→ **Requirement**
Every entry is to be returned as it stands, apart from the pictures.

→ **The records**

§ §

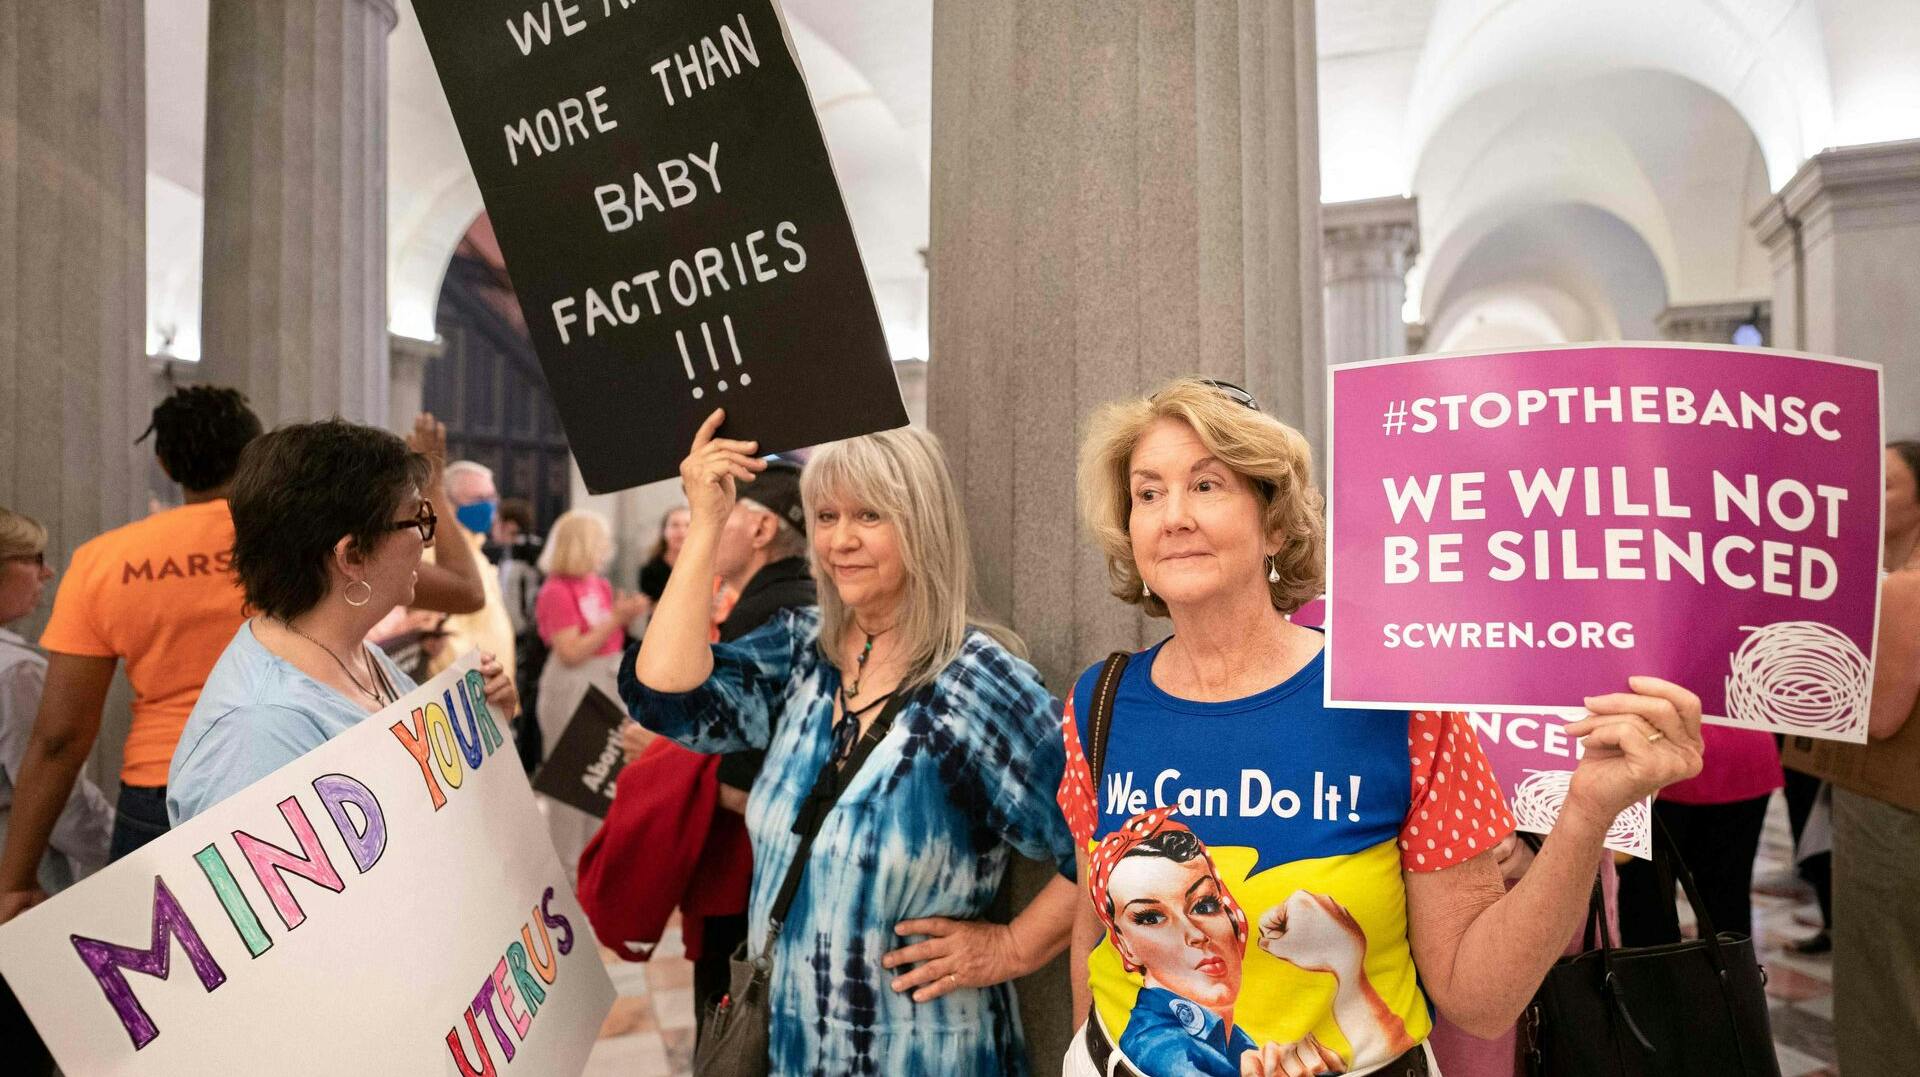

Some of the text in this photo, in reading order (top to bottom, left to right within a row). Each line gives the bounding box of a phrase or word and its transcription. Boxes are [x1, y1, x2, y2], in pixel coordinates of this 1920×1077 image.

[506, 0, 587, 56] WE
[504, 13, 760, 166] MORE THAN
[594, 142, 722, 233] BABY
[551, 221, 807, 345] FACTORIES
[675, 314, 752, 399] !!!
[1382, 387, 1842, 441] #STOPTHEBANSC
[1382, 467, 1849, 538] WE WILL NOT
[1384, 528, 1839, 601] BE SILENCED
[1383, 622, 1635, 649] SCWREN.ORG
[1468, 713, 1585, 760] NCE
[1106, 772, 1148, 815] We
[1154, 769, 1228, 817] Can
[1239, 769, 1301, 818] Do
[70, 669, 504, 1052] MIND YOUR
[445, 886, 574, 1077] UTERUS

§ §

→ **Result for this task**
Some of the text in this photo, in reading order (top to bottom, left to right within a row). Each line gives the bounding box of a phrase or word and its transcription. Boxes are [x1, y1, x2, y2], in pixel coordinates of this 1920×1077 image.

[506, 0, 587, 56] WE
[504, 13, 760, 166] MORE THAN
[594, 142, 722, 233] BABY
[551, 221, 807, 345] FACTORIES
[675, 314, 752, 399] !!!
[1382, 387, 1842, 441] #STOPTHEBANSC
[1382, 467, 1849, 538] WE WILL NOT
[1384, 528, 1839, 601] BE SILENCED
[1383, 622, 1635, 649] SCWREN.ORG
[1468, 713, 1585, 760] NCE
[1106, 772, 1148, 815] We
[1154, 769, 1228, 817] Can
[1239, 769, 1301, 818] Do
[70, 669, 504, 1052] MIND YOUR
[445, 886, 574, 1077] UTERUS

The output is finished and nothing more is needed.